Puede que el viajero curioso desdoble el detallado mapa que guarda en su mochila yrecorriendo el dedo por los términos de Santibáñez el Bajo, se pare en el topónimo “San Albín”. Bien merece la pena que se patee esos minifundios que llevan nombres tan sonoros como “Cabeza del Moru”, “Madri del Agua” o “Peña Ehcrita”. No dejará de dar patadas a viejos fragmentos cerámicos en media legua de la antigua Roma, a la redonda.
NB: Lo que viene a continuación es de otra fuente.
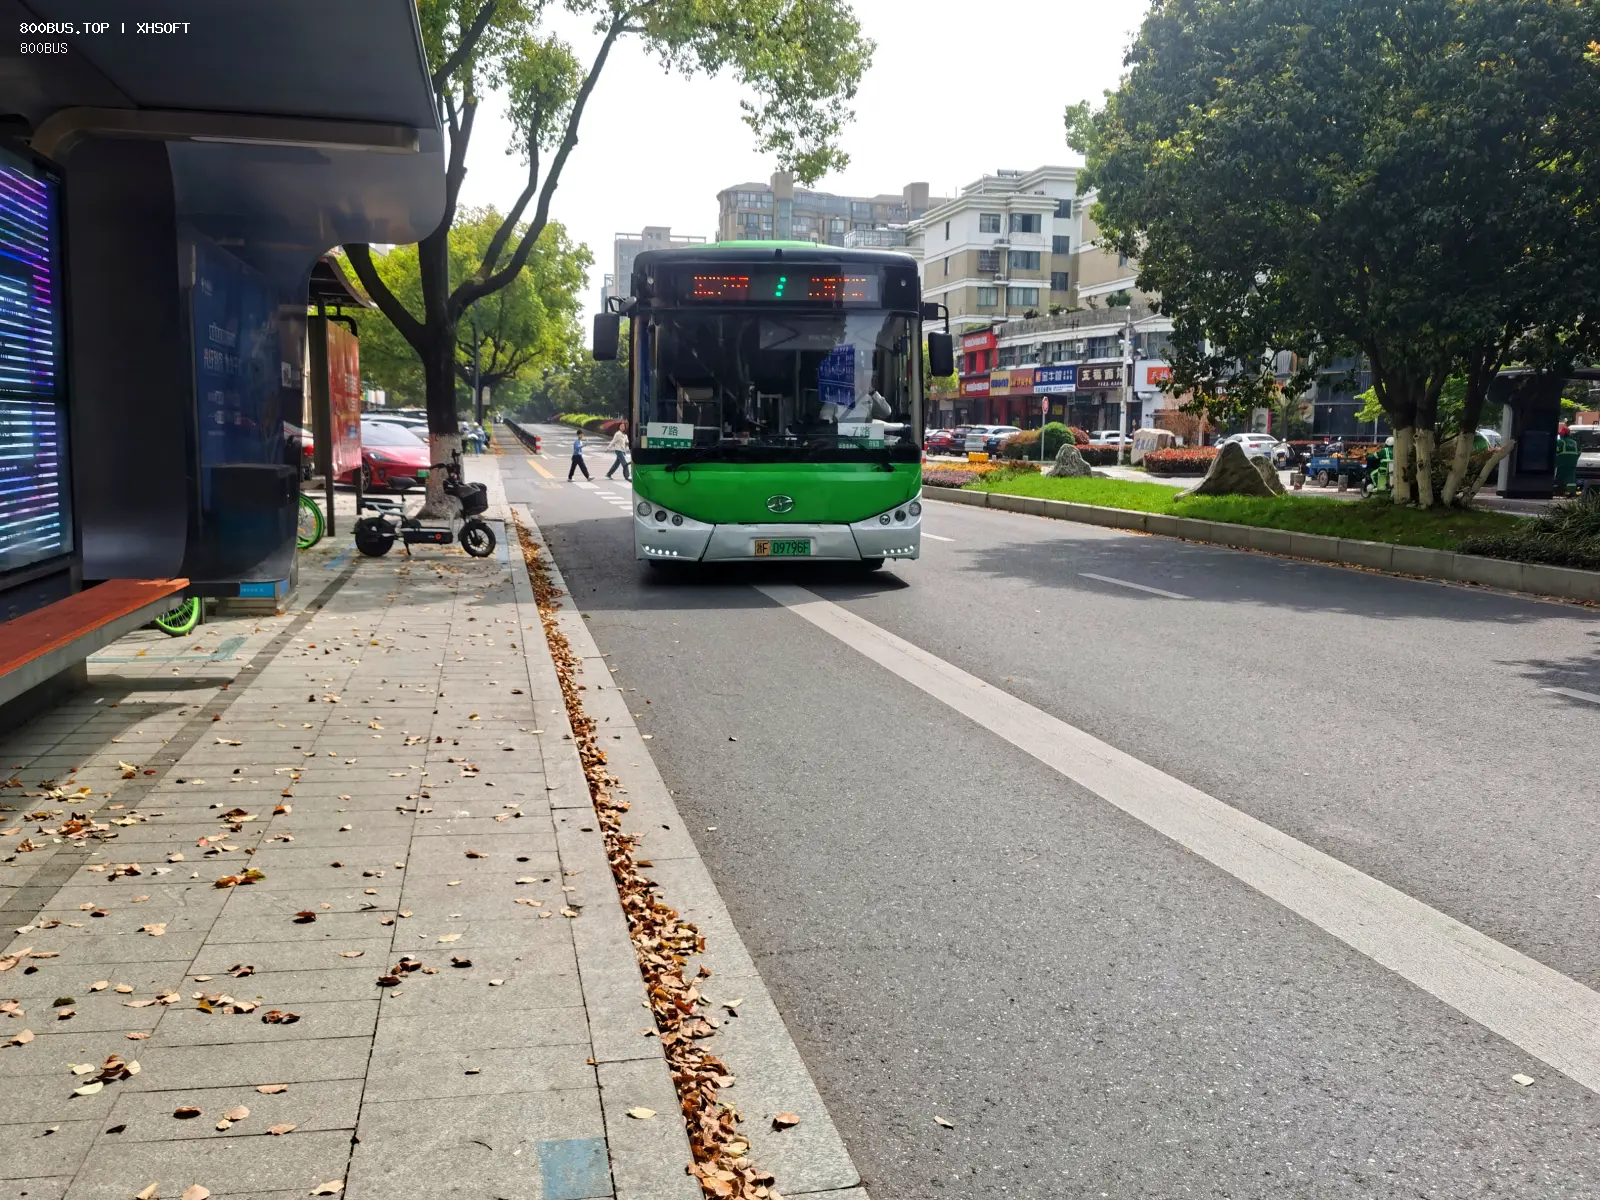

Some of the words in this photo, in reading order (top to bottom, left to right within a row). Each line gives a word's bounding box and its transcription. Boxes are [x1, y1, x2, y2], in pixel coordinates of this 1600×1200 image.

[661, 425, 679, 437] 7路
[852, 426, 871, 438] 7路
[773, 541, 811, 554] 09796F
En aquellos pagos se levantó la ermita de San Albín, que puede que fuera de estilo visigodo y, con toda seguridad, un templo que, en sus orígenes, acogería a alguna deidad indígena o romana. Resulta tremendamente curioso que, en los documentos antiguos, se hable de que la ermita está puesta bajo la advocación de San Albín, como protector de las viñas. Y viñedos debió haber muchas por estas partes, que aún se mantiene el topónimo “Lah Víñah” en los predios más minifundistas del lugar, inmediatos a la ermita. Incluso la diminuta talla del santo, que parece ser que se encuentra arrumbada detrás de un altar de la iglesia parroquial, lleva en sus manos un racimo de uvas. Hasta el primer tercio del siglo XIX se celebraba en los campos que rodeaban a la ermita una alegre romería. Luego, los terrenos fueron desamortizados y el templo devino en un montón de ruinas.
Ara funeraria
No quedan ni cimientos de la ermita. Pero el viajero puede observar perfectamente muchos de los enormes sillares que formaron parte de la misma embutidos en los muros que delimitan las fincas, medio camuflados entre zarzas y matas de roble. La mitología se adentra por estos parajes, donde la huella prehistórica y romana es más que patente. Y desdentadas bocas hablan del toro que aparece la mañana de San Juan echando baba por la boca, o de aquel otro cornúpeta de oro que yace escondido entre los veneros acuosos de una vieja noria de cigüeñal. Y por la “Juenti la Bellota”, vuelve la mágica noche de San Juan, con sus “Encántuh” (seres mitológicos) como eternos guardianes de aquellos mundos telúricos.
En un pequeño olivar, lindero con el prado donde estuvo la ermita, sacó cierto día, con su tractor, un ara funeraria el vecino Alejandro Barroso Caletrío. Era de mármol, importando de dios sabe dónde y debía pertenecer a un enterramiento de gente adinerada. Allí aparecía inscrito el nombre de “Albinus”, que tanta similitud tiene con Albín. La lápida fue recogida por José Antonio Gutiérrez Sánchez, que, posteriormente, se la entregó a Juan Fenollera Gutiérrez, como salvaguarda y conservador de la misma, esperando que un día pudiera ser depositada en un museo de identidad o en un aula arqueológica que se erigiera en la localidad.
Pero no hace muchas lunas el ara funeraria cayó en manos de Teófilo Marcial Hernández del Río, oriundo del pueblo zamorano de Fuentesaúco y que era, a la sazón, alcalde del pueblo. Y éste no tuvo otra ocurrencia que llevársela a Cáceres, tal y como hacían, según refieren algunos paisanos, los viejos mandamases locales, que les regalaban un jamón al gobernador para obtener estos o aquellos favores. Cuando todos contaban que la lápida, como parte de la historia del pueblo, quedaría contextualizada en el mismo (provisionalmente, dentro del consistorio, en la correspondiente vitrina), voló para otras latitudes y, ahora, el viajero, si quiere verla y estudiarla, tendrá que hacerse un montón de leguas romanas más, ya que largas y desarraigadas manos la sacaron de su natural contexto y sin permiso de sus dueños.
No obstante, el viajero puede disfrutar sumergiéndose entre aquellos paisajes, donde el granito se besa con la pizarra y los retorcidos olivos hacen frontera con los tupidos encinares y las peñas caballeras. Pero esto ya será objeto de otra crónica.